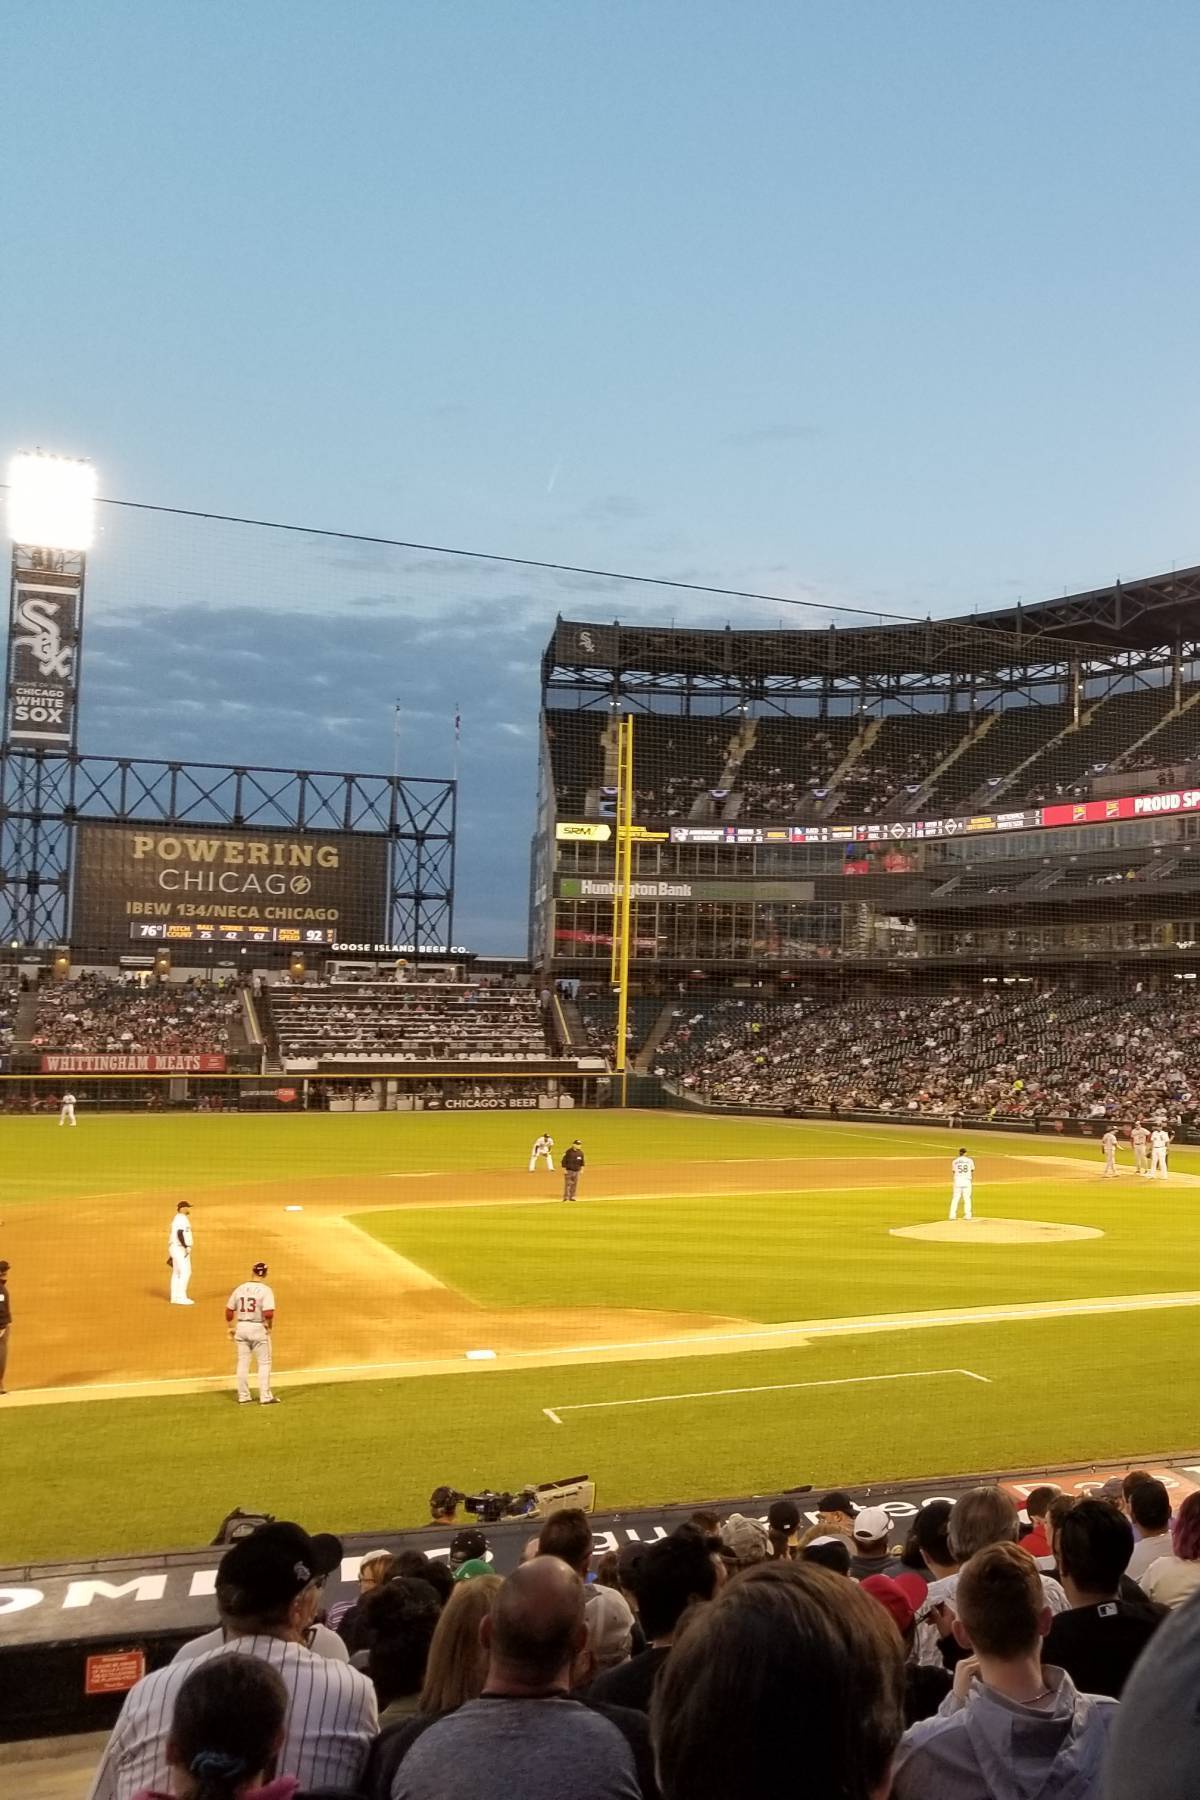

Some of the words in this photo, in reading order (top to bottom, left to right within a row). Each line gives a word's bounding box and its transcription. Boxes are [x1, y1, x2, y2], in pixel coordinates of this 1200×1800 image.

[16, 687, 64, 698] CHICAGO
[15, 696, 64, 708] WHITE
[14, 706, 63, 724] SOX
[1134, 797, 1181, 814] PROUD
[133, 836, 339, 868] POWERING
[159, 869, 311, 895] CHICAGO
[658, 881, 692, 897] Bank
[126, 901, 171, 916] IBEW
[176, 903, 260, 919] 134/NECA
[264, 906, 339, 921] CHICAGO
[140, 925, 162, 937] 76°
[306, 930, 323, 941] 92
[331, 943, 370, 952] GOOSE
[374, 944, 416, 953] ISLAND
[419, 945, 447, 953] BEER
[450, 946, 471, 954] CO.
[47, 1055, 150, 1071] WHITTINGHAM
[155, 1055, 201, 1071] MEATS
[445, 1097, 507, 1110] CHICAGO'S
[509, 1097, 537, 1109] BEER
[239, 1296, 257, 1313] 13
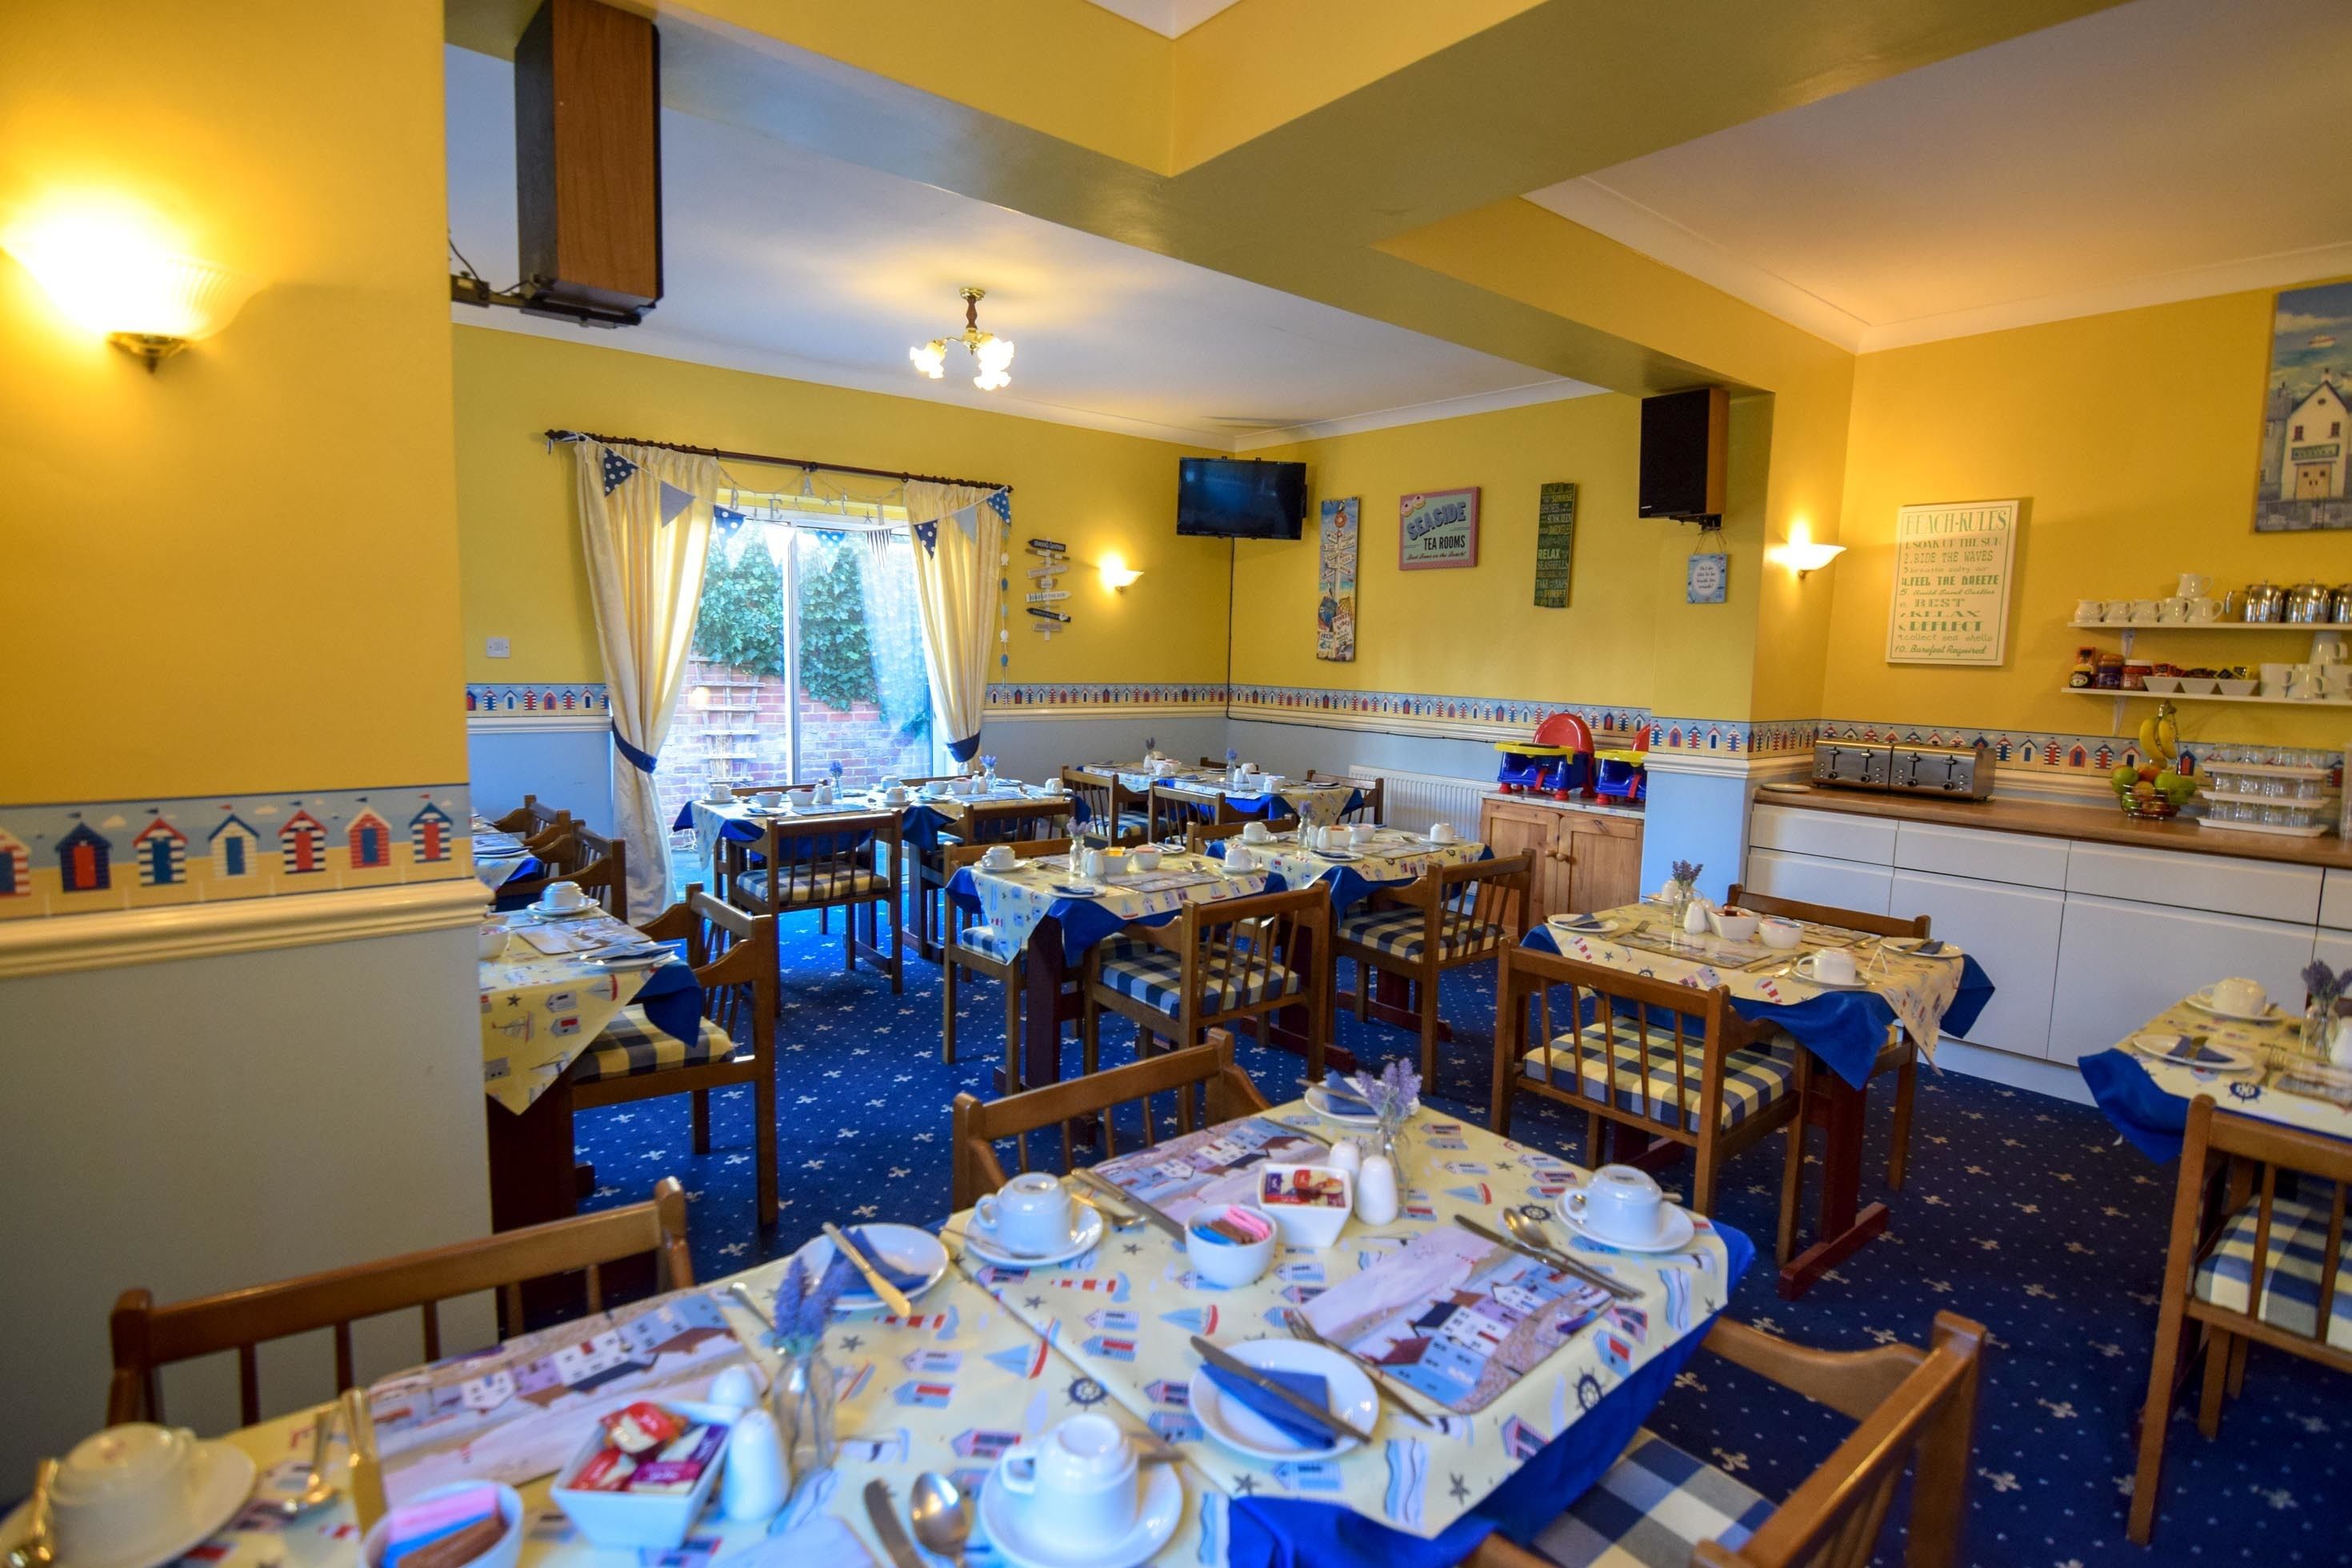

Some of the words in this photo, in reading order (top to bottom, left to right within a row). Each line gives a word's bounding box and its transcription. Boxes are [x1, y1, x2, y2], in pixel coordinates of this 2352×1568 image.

[1406, 501, 1466, 541] SEASIDE
[1424, 537, 1437, 550] TEA
[1439, 535, 1466, 550] ROOMS
[1913, 540, 1939, 550] SOAK
[1959, 538, 1978, 547] THE
[1538, 549, 1561, 559] RELAX
[1942, 552, 1959, 562] THE
[1965, 550, 1994, 562] WAVES
[1938, 575, 1956, 586] THE
[1962, 574, 2000, 585] BREEZE
[1914, 598, 1966, 608] REST
[1910, 621, 1984, 631] REFLECT
[1946, 644, 1988, 657] Required
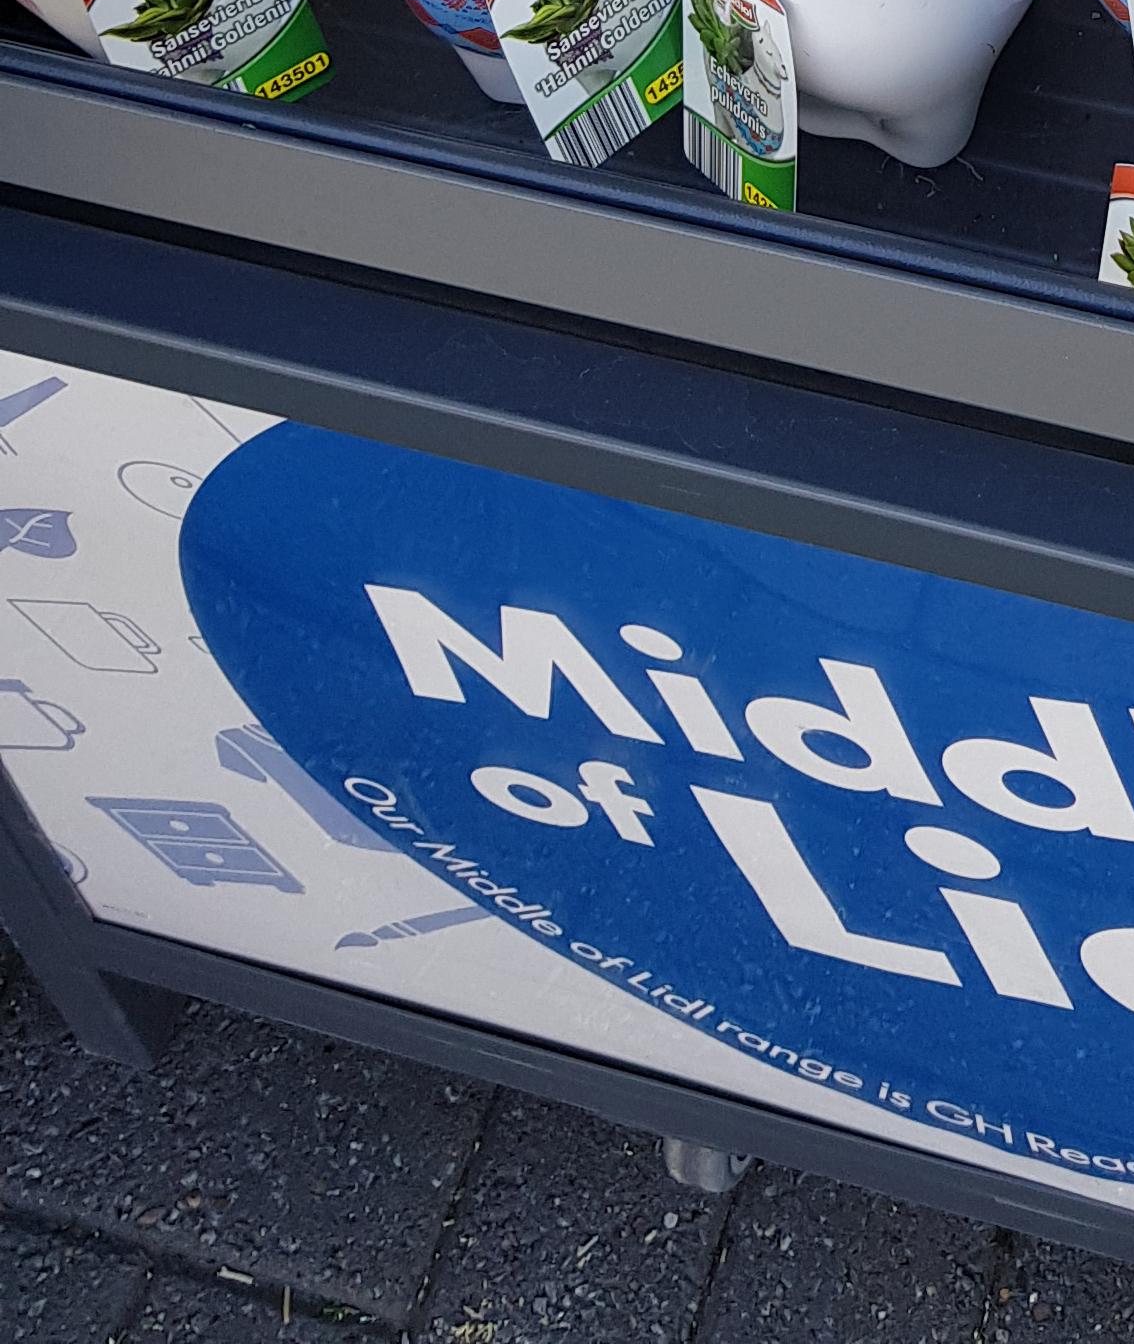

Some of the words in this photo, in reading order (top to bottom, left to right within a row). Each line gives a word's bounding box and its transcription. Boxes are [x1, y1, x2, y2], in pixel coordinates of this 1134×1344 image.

[258, 55, 326, 99] 143501
[648, 63, 683, 99] 1435
[709, 56, 768, 116] Echeveria
[711, 84, 767, 141] pulidonis
[471, 760, 655, 847] of
[344, 777, 424, 835] Our
[414, 839, 563, 938] Middle
[570, 942, 628, 972] of
[626, 971, 717, 1020] Lidl
[716, 1018, 863, 1091] range
[878, 1081, 911, 1109] is
[926, 1100, 1014, 1143] GH

----

* **Directions for this task**
A word-for-word reprint of the listing above is needed, minus the pictures.

* **Exercise output**
Some of the words in this photo, in reading order (top to bottom, left to right within a row). Each line gives a word's bounding box and its transcription. Boxes are [x1, y1, x2, y2], in pixel coordinates of this 1200×1800 image.

[16, 687, 64, 698] CHICAGO
[15, 696, 64, 708] WHITE
[14, 706, 63, 724] SOX
[1134, 797, 1181, 814] PROUD
[133, 836, 339, 868] POWERING
[159, 869, 311, 895] CHICAGO
[658, 881, 692, 897] Bank
[126, 901, 171, 916] IBEW
[176, 903, 260, 919] 134/NECA
[264, 906, 339, 921] CHICAGO
[140, 925, 162, 937] 76°
[306, 930, 323, 941] 92
[331, 943, 370, 952] GOOSE
[374, 944, 416, 953] ISLAND
[419, 945, 447, 953] BEER
[450, 946, 471, 954] CO.
[47, 1055, 150, 1071] WHITTINGHAM
[155, 1055, 201, 1071] MEATS
[445, 1097, 507, 1110] CHICAGO'S
[509, 1097, 537, 1109] BEER
[239, 1296, 257, 1313] 13

Some of the words in this photo, in reading order (top to bottom, left to right within a row). Each line gives a word's bounding box and its transcription. Boxes are [x1, y1, x2, y2], in pixel coordinates of this 2352×1568 image.

[1406, 501, 1466, 541] SEASIDE
[1424, 537, 1437, 550] TEA
[1439, 535, 1466, 550] ROOMS
[1913, 540, 1939, 550] SOAK
[1959, 538, 1978, 547] THE
[1538, 549, 1561, 559] RELAX
[1942, 552, 1959, 562] THE
[1965, 550, 1994, 562] WAVES
[1938, 575, 1956, 586] THE
[1962, 574, 2000, 585] BREEZE
[1914, 598, 1966, 608] REST
[1910, 621, 1984, 631] REFLECT
[1946, 644, 1988, 657] Required

Some of the words in this photo, in reading order (top to bottom, left to right within a row). Each line gives a word's bounding box and its transcription. Boxes are [x1, y1, x2, y2], in pixel coordinates of this 1134×1344 image.

[258, 55, 326, 99] 143501
[648, 63, 683, 99] 1435
[709, 56, 768, 116] Echeveria
[711, 84, 767, 141] pulidonis
[471, 760, 655, 847] of
[344, 777, 424, 835] Our
[414, 839, 563, 938] Middle
[570, 942, 628, 972] of
[626, 971, 717, 1020] Lidl
[716, 1018, 863, 1091] range
[878, 1081, 911, 1109] is
[926, 1100, 1014, 1143] GH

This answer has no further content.